▸ **Brief**: Restate each of the lines below word for word and drop every picture.

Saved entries
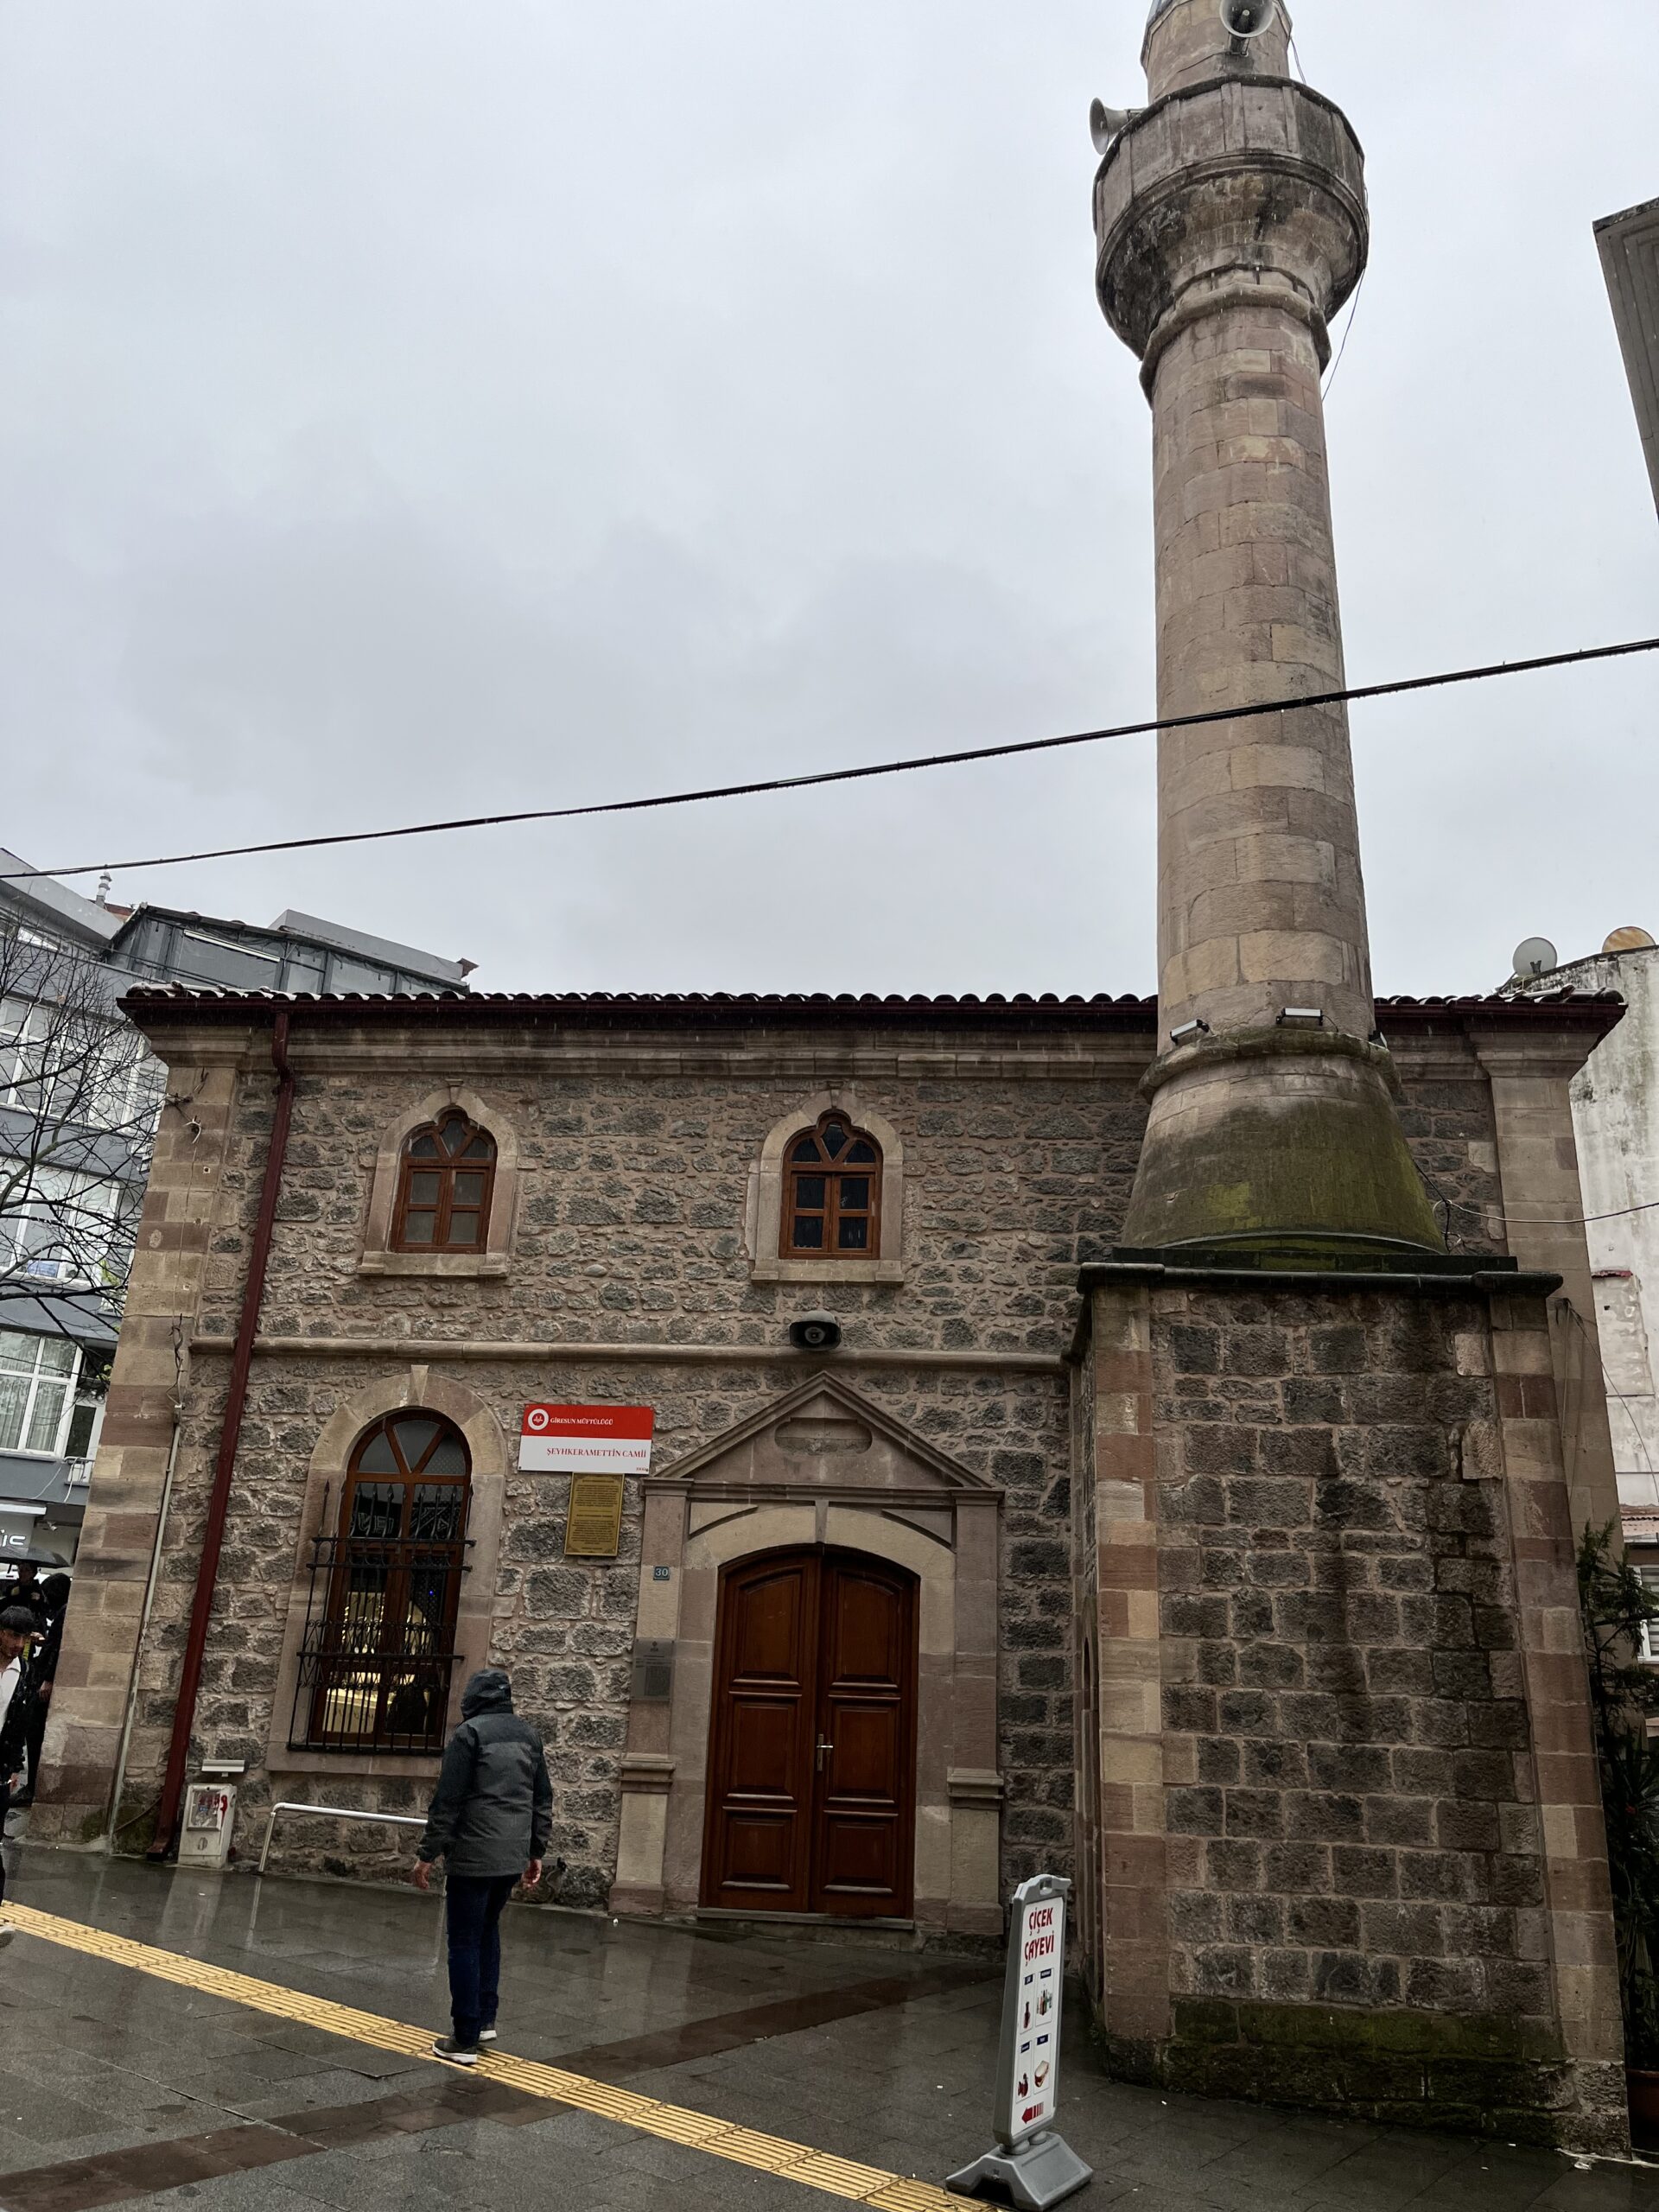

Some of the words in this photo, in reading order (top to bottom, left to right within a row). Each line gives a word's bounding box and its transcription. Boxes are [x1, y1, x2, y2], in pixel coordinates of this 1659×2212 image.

[547, 1448, 620, 1457] ŞEYHKERAMETTİN
[622, 1449, 646, 1458] CAMİİ
[655, 1568, 668, 1577] 30
[1028, 1907, 1053, 1936] ÇİÇEK
[1024, 1930, 1055, 1966] ÇAYEVİ
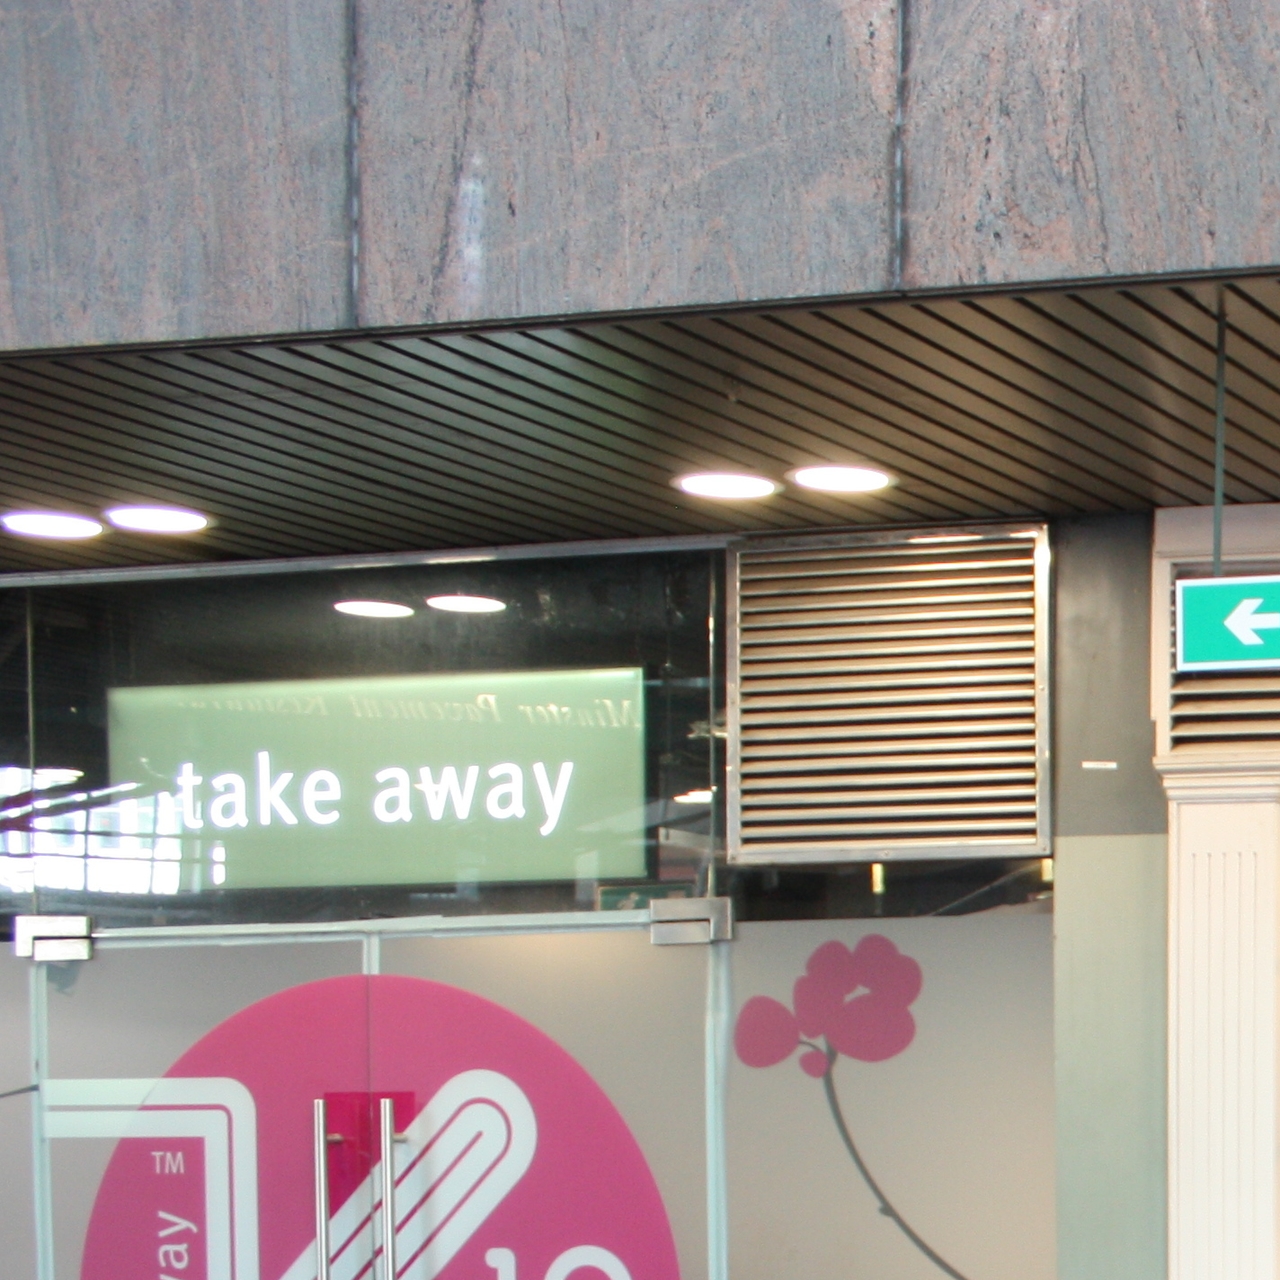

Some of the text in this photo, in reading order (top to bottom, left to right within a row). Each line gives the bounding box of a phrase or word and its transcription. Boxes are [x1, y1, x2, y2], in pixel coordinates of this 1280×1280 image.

[177, 750, 575, 837] take away
[151, 1150, 186, 1175] TM
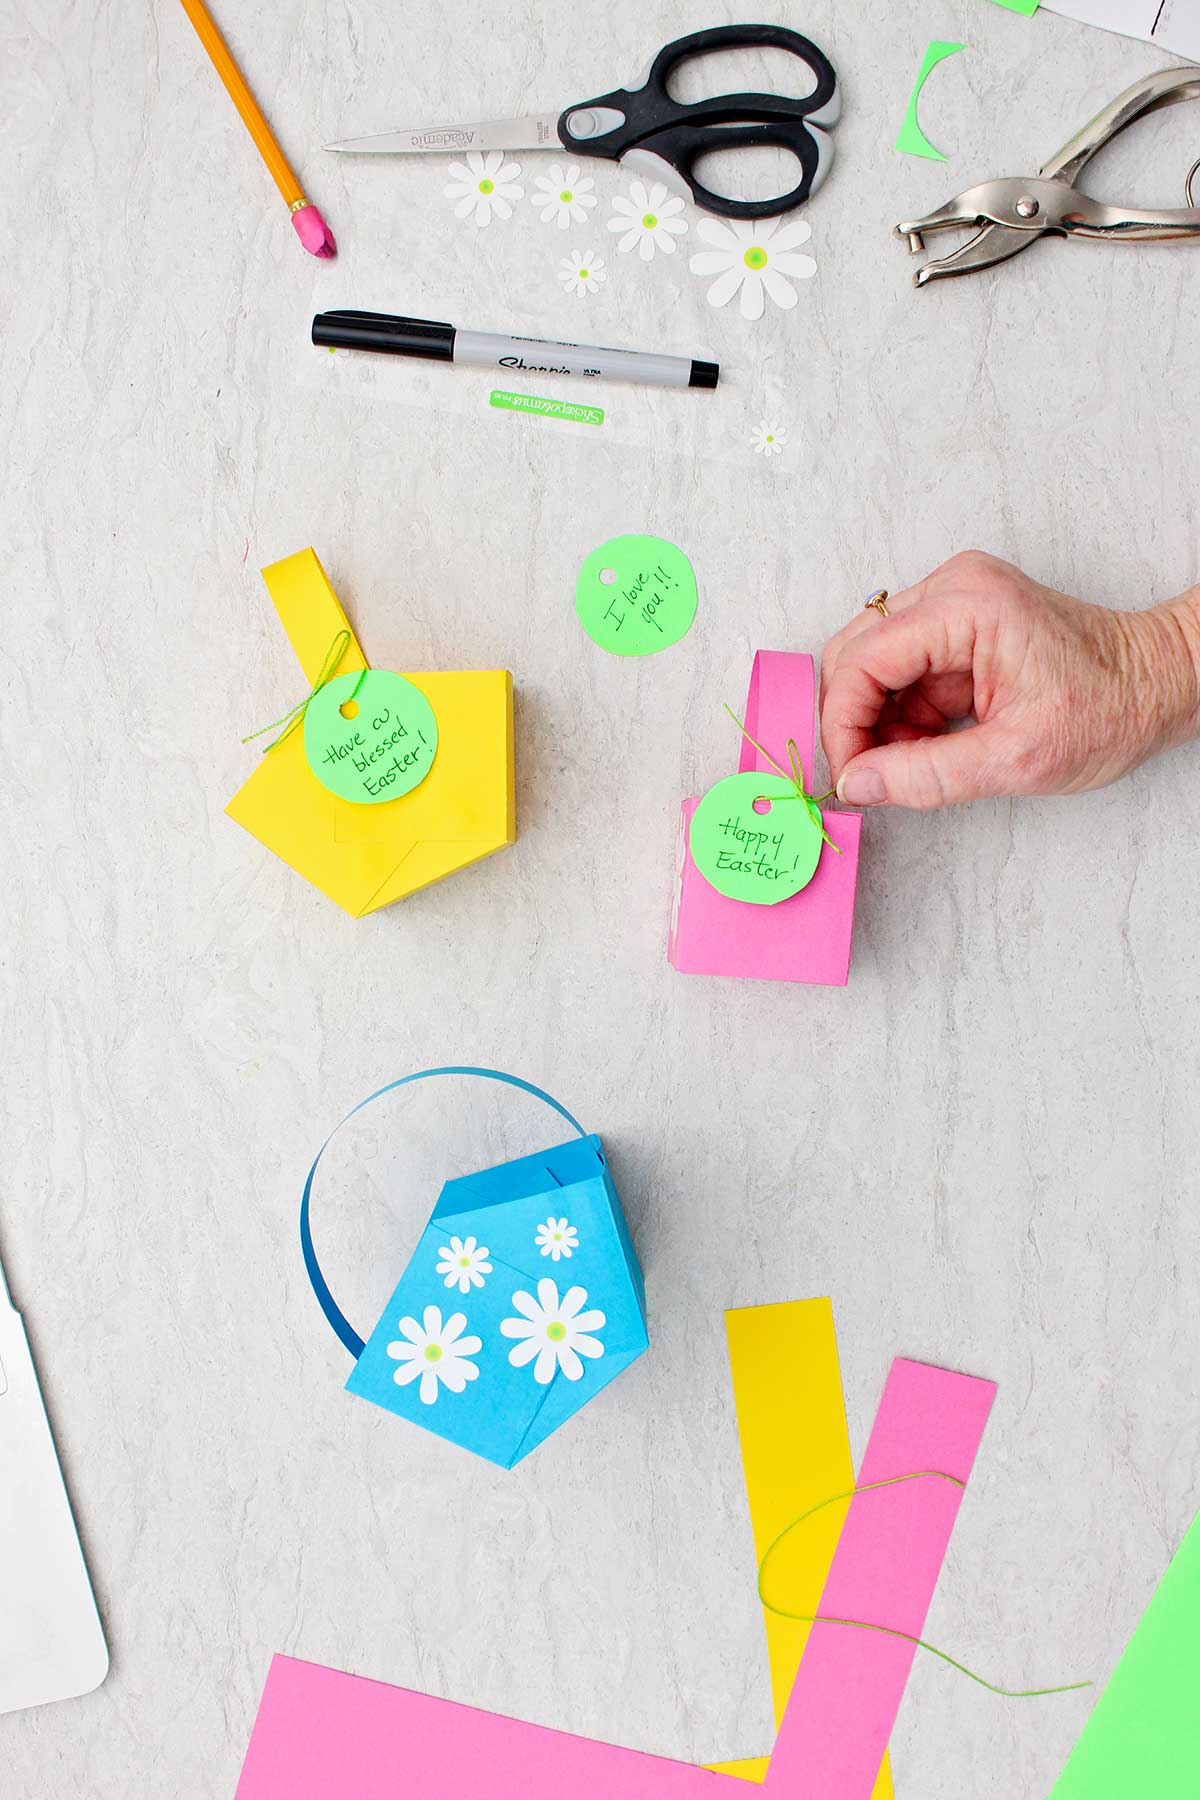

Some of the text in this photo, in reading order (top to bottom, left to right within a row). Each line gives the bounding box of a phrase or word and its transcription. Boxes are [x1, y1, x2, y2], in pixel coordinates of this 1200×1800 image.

▸ **Reply**:
Some of the words in this photo, in reading order (top to bottom, left to right within a row). Each line gives a word's bounding box and its transcription. Boxes are [x1, y1, x2, y2], in pixel coordinates of this 1659×2212 image.

[547, 1448, 620, 1457] ŞEYHKERAMETTİN
[622, 1449, 646, 1458] CAMİİ
[655, 1568, 668, 1577] 30
[1028, 1907, 1053, 1936] ÇİÇEK
[1024, 1930, 1055, 1966] ÇAYEVİ

Some of the text in this photo, in reading order (top to bottom, left to right within a row). Each line gives the bounding box of a phrase or word and its transcription. Boxes are [x1, y1, x2, y2], in pixel coordinates of this 1280×1280 image.

[177, 750, 575, 837] take away
[151, 1150, 186, 1175] TM

Some of the text in this photo, in reading order (top to bottom, left to right within a row). Each line gives the bounding box of a phrase or word and its transcription. Boxes are [x1, y1, x2, y2], in pixel coordinates of this 1200×1800 image.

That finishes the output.